Hey guys! After scouring you guys website for a few days, I feel hopeful that you can help me, as you already have by past threads. Last year I bought a '99 1900SR. Its fitted with the 5.0 V8 Mercruiser with Thunderbolt V ignition.

Never have I actually jumped in this thing once, cranked it up, and thought to myself "Heck yea, I love my boat"... its been a pain since the first day.

Last season, my engine started to miss/backfire (Not sure how to tell the two apart yet) while cruising. It got so bad to where it was inoperable. I have since changed the dist cap and plugs, with a little improvement, but not for very long. Back to the misfiring. Have pulled my plug wires testing for spark and I get it on some wires, not on others.. It used to idle just fine, but when under a load, misfiring. Ive since had it in two seperate shops, both claiming they fixed it with a total carb clean, and timing realignment. Once out on the water again, idles fine, cruised fine for a few minutes, but anywhere in between wot and idle its missing like crazy.

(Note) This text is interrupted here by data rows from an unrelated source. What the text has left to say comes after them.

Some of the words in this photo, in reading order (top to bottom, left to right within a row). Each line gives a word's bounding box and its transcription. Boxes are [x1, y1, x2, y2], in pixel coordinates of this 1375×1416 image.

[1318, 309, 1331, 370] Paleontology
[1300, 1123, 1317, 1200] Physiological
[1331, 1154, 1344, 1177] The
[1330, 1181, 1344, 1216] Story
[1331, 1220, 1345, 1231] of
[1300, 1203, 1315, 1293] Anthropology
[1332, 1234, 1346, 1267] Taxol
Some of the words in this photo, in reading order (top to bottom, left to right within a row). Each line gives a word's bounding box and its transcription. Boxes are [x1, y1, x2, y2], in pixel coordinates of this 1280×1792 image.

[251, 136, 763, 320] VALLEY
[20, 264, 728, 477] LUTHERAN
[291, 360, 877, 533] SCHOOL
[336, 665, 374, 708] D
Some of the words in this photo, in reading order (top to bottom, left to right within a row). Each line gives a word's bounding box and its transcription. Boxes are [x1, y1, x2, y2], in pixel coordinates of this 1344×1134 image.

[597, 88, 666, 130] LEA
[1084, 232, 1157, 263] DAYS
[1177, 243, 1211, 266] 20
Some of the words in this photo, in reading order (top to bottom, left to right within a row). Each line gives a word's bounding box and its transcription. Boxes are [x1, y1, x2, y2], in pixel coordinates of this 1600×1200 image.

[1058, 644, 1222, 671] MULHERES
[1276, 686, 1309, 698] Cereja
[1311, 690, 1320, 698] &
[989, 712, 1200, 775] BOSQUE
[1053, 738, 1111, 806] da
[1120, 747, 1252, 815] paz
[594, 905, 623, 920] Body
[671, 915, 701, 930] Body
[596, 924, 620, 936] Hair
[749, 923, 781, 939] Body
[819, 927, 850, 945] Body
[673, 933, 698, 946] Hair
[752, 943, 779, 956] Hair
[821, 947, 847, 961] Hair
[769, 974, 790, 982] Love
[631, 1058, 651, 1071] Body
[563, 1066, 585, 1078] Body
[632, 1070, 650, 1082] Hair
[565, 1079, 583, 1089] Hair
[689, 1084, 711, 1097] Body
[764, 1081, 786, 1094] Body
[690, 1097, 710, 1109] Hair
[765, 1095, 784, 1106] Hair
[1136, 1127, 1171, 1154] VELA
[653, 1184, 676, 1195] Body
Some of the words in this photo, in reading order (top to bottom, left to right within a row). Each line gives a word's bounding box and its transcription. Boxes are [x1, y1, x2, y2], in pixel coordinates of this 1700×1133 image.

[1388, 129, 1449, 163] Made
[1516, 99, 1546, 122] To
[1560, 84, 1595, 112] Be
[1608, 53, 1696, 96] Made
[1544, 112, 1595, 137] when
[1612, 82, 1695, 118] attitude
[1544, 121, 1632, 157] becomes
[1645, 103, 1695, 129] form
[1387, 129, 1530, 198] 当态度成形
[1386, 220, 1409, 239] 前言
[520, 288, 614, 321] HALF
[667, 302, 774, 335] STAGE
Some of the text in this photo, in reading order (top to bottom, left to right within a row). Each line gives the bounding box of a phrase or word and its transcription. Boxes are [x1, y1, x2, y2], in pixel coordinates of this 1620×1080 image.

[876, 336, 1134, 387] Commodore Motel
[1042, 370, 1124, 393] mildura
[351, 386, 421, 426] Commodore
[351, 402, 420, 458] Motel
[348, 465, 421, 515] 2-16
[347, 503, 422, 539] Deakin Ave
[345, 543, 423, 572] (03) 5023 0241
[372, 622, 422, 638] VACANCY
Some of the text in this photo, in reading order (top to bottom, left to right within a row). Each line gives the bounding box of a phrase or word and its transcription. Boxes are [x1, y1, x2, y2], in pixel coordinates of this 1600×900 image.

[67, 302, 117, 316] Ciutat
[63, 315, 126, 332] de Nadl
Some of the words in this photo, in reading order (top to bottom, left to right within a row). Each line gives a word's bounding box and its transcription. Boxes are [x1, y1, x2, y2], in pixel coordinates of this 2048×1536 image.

Decided to throw my wakeboard on and test it. Pulled me up for about 1 minute and crapped out and died. Nothing since, not even a start.

Im sure I have missed a whole lot in this post, but is there anyone who can help me with this.

I am prepared to start troubleshooting my Thunderbolt V ignition system by way of threads Ive read on here, but when I got home today to start, I am not even getting power via my ignition switch. No alarm, no crank, no nothing. very frustrasting.

Please help!!! Maybe with you guys help, I can have a running boat again! Thanking you all in advance.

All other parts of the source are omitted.